Larry Rosenstock, fundador de High Tech High, gana el WISE Award 2019, el Nobel de la Educación

Vía El País

Jerry Rosenstock

El trabajo de Larry Rosenstock (1948, Nueva York) parte de una premisa. Detrás de la decisión de qué estudiante irá a la universidad en Estados Unidos, hay un factor que pesa más que la intención de la familia; lo que él llama predictor de la educación, o lo que es lo mismo, el nivel socioeconómico de los padres. Una de las realidades que más le dolió a Rosenstock, graduado en Derecho y dedicado a la educación durante más de 40 años, fue darse cuenta de que el origen de esa desigualdad comienza cuando los niños tienen cinco años.
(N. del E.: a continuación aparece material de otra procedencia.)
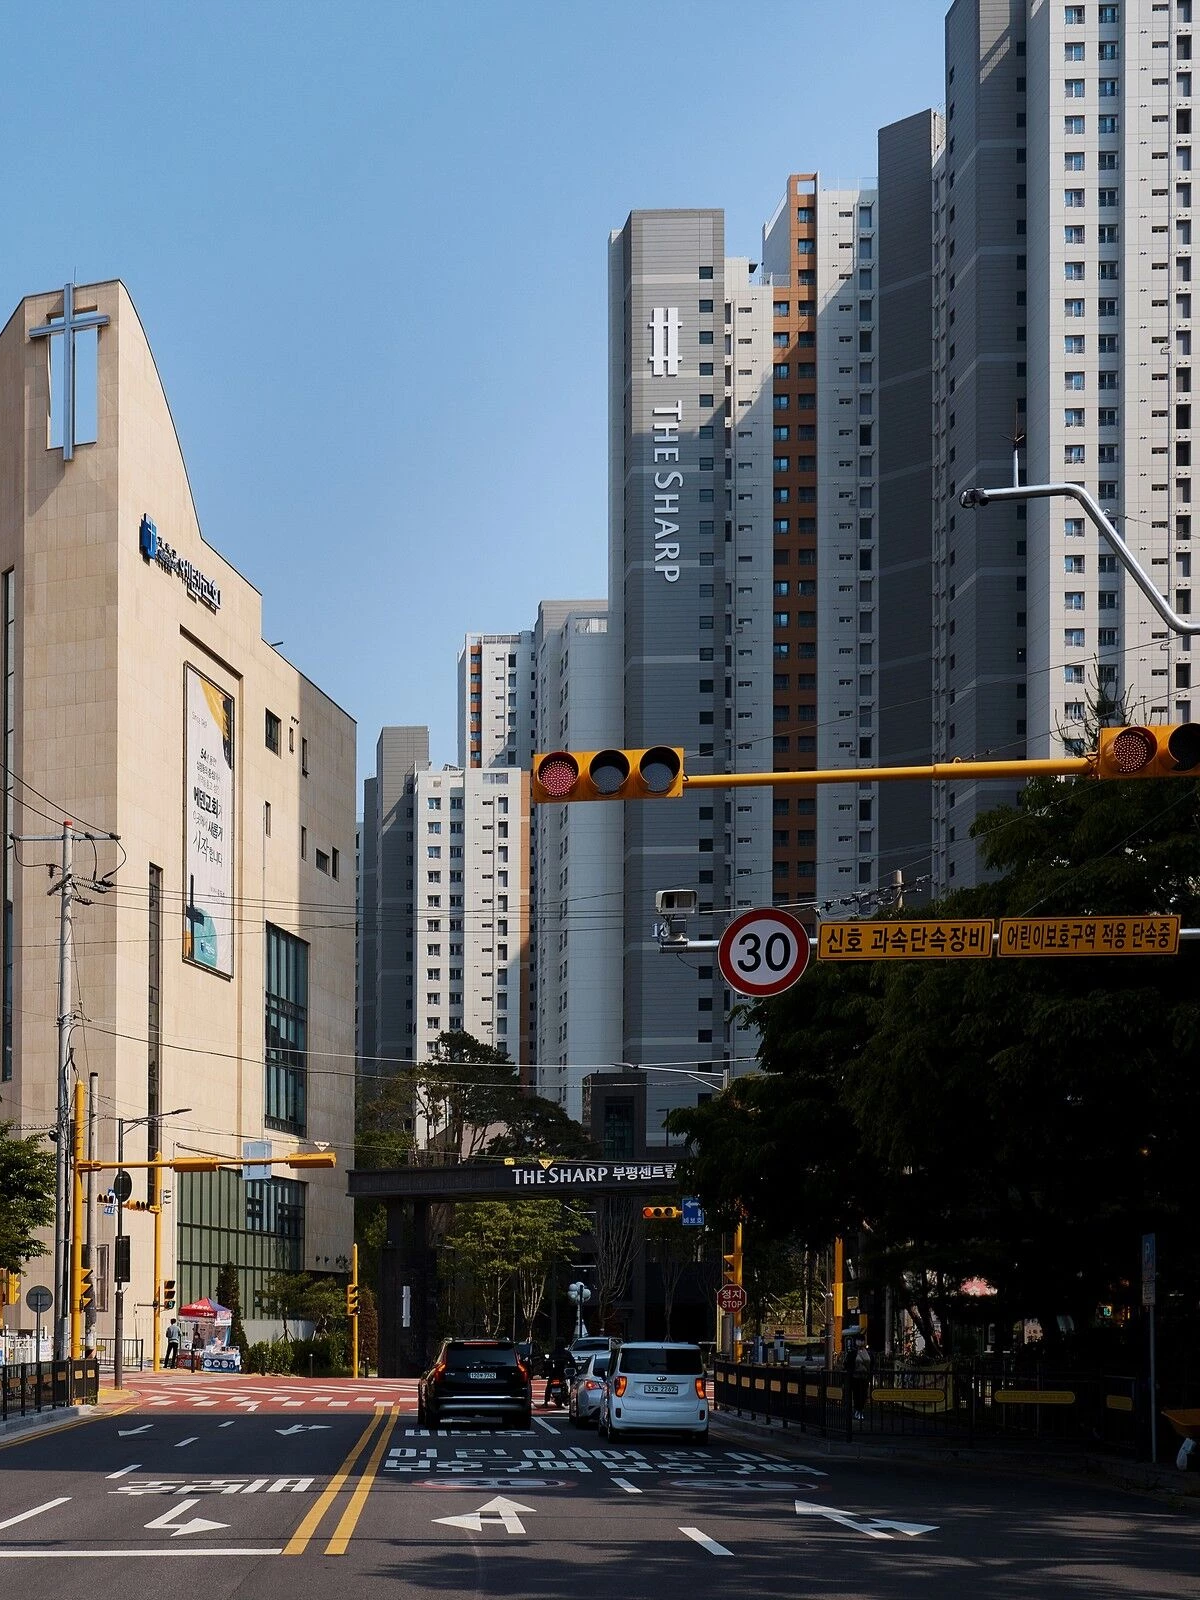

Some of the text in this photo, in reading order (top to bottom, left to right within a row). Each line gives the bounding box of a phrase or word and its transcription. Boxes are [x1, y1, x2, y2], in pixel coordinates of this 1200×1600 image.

[653, 471, 684, 583] SHARP
[826, 925, 986, 953] 신호 과속단속장비
[1006, 922, 1171, 950] 어린이보호구역 적용 단속중
[737, 931, 790, 973] 30
[512, 1168, 546, 1185] THE
[548, 1167, 608, 1183] SHARP
[722, 1289, 742, 1300] 정지
[722, 1300, 742, 1309] STOP
[405, 1429, 539, 1437] 비보호
[388, 1447, 592, 1459] 어린이
[587, 1449, 791, 1462] 어린이
[383, 1460, 593, 1473] 보호구역
[601, 1461, 830, 1476] 보호구역
En su país, las escuelas segregan, separan a los alumnos en diferentes centros según su perfil socioeconómico y su raza. Por eso, hace 20 años lanzó en San Diego (California) una red de escuelas que luchan contra la segregación, y que ahora le ha hecho valedor del premio a la educación de WISE (cumbre mundial de la innovación educativa, en sus siglas en inglés, organizado por la Fundación Qatar), dotado con 500.000 dólares.
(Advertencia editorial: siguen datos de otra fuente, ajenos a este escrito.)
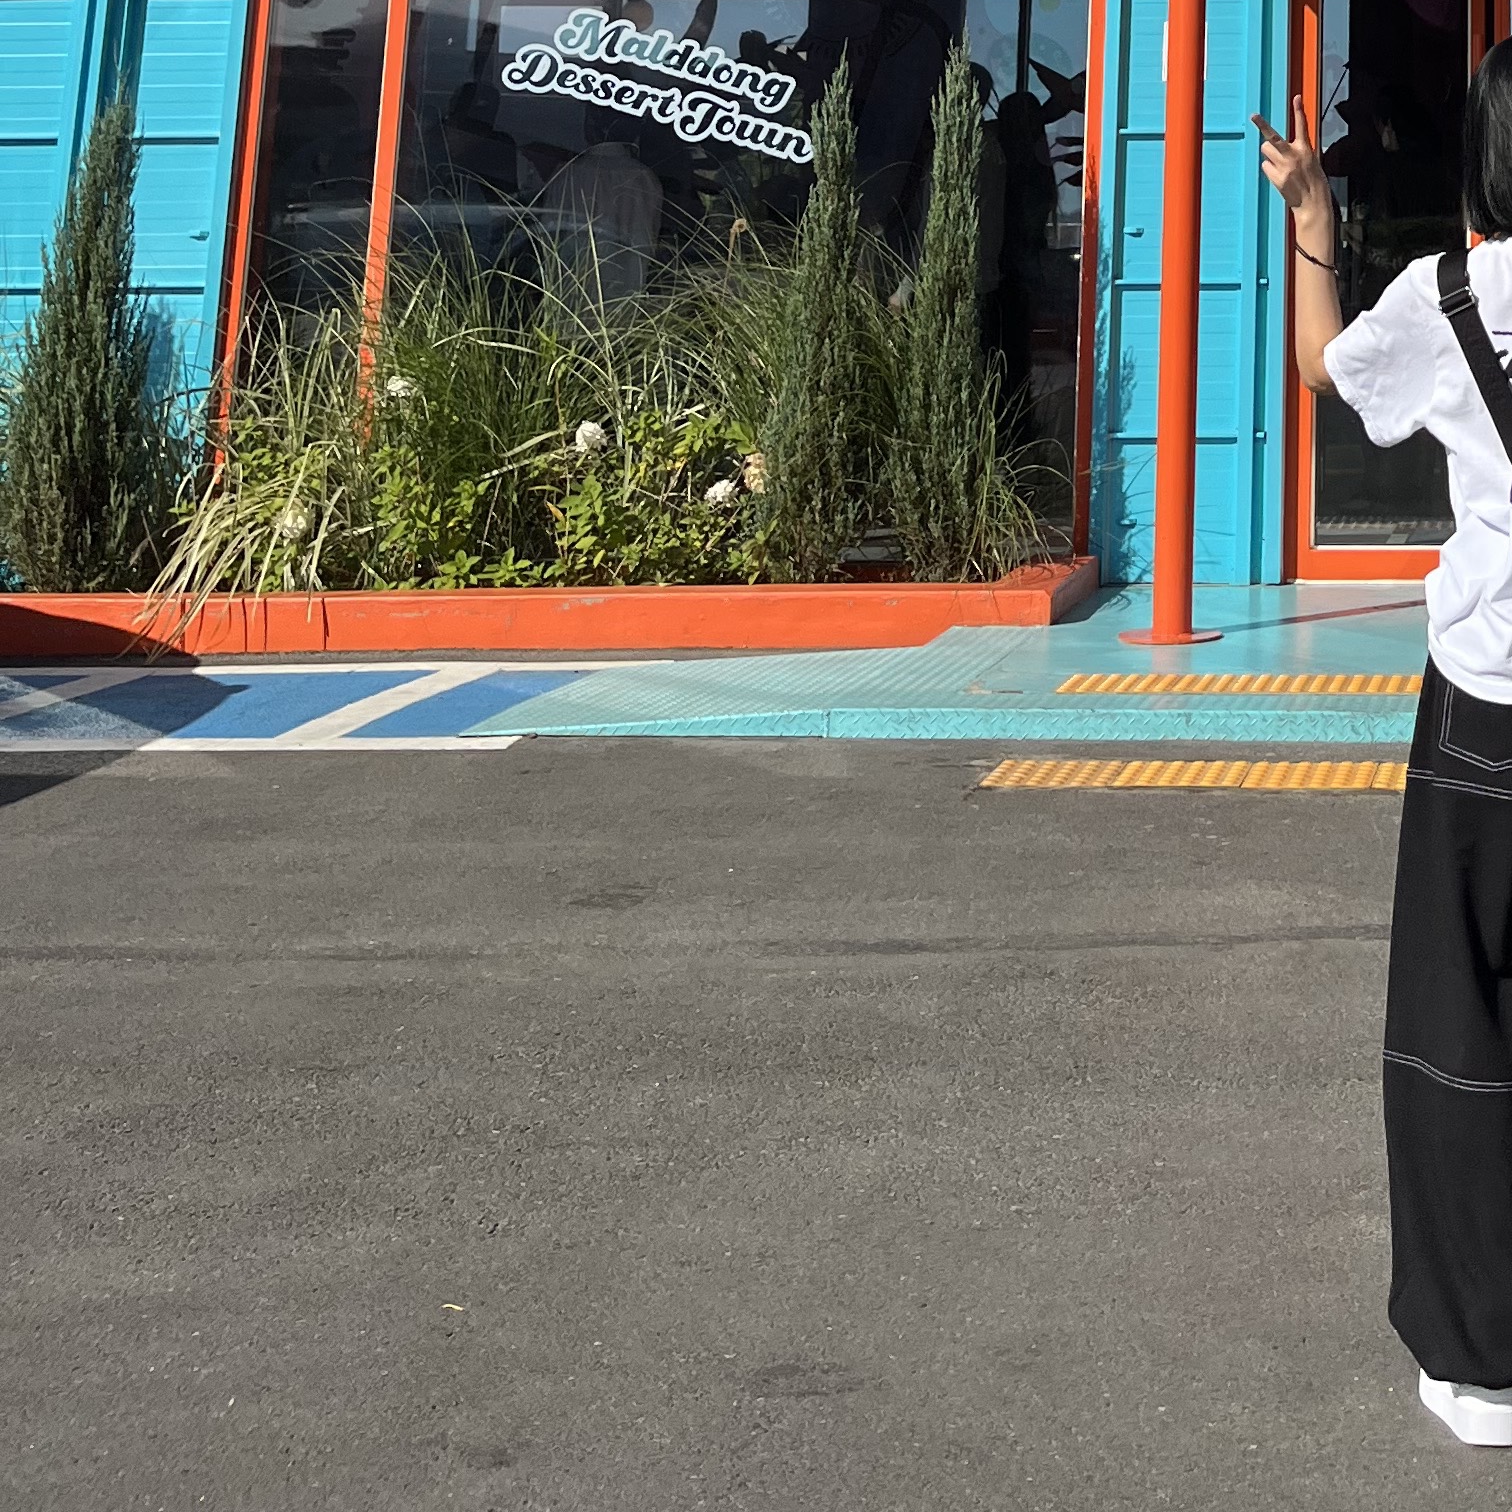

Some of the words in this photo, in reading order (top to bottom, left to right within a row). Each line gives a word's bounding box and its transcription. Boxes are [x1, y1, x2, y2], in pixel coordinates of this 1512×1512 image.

[502, 43, 683, 124] Dessert
[674, 90, 814, 163] Town
[554, 8, 797, 114] Malddong
"Quería demostrar que se pueden obtener buenos resultados académicos mezclando a un grupo heterogéneo de estudiantes”, cuenta Rosenstock sobre su proyecto High Tech High, una red de 16 charter schools (una modalidad de escuelas privadas en Estados Unidos que reciben fondos del Estado y en las que los alumnos no pagan matrícula), en las que el 57% de los alumnos son negros o hispanos y el 50% de entornos desfavorecidos y donde la tasa de acceso a la Universidad es del 98% (la media nacional está en el 69%). “Hemos demostrado algo obvio pero que la sociedad estadounidense se niega a ver; que los chavales con menos recursos son igual de brillantes y que solo necesitan las mismas oportunidades”, explica durante la celebración de WISE, que este año cumple su novena edición y que reúne en Doha a más de 2.000 expertos.


La fórmula que rige la selección de alumnos en esos centros es lo que ellos llaman la lotería, un sorteo que realizan mediante un algoritmo que mezcla los distintos códigos postales de la ciudad (siempre entre barrios limítrofes) y escoge a alumnos de diferentes perfiles socioeconómicos. Eso sí, hay algunas normas impuestas que escapan al control del algoritmo: tiene que haber un 50% de niños de familias con pocos recursos y todos aquellos que ya tienen hermanos en los centros tienen prioridad en el acceso. “Con ese sorteo nos aseguramos que habrá una representación diversa, que no acudirán únicamente los que viven cerca, porque en Estados Unidos el barrio en el que vives determina muchas veces la capacidad económica y el capital cultural de las familias”, añade Rosenstock, que también dio clases en la facultad de Educación de Harvard y en Berkeley (California).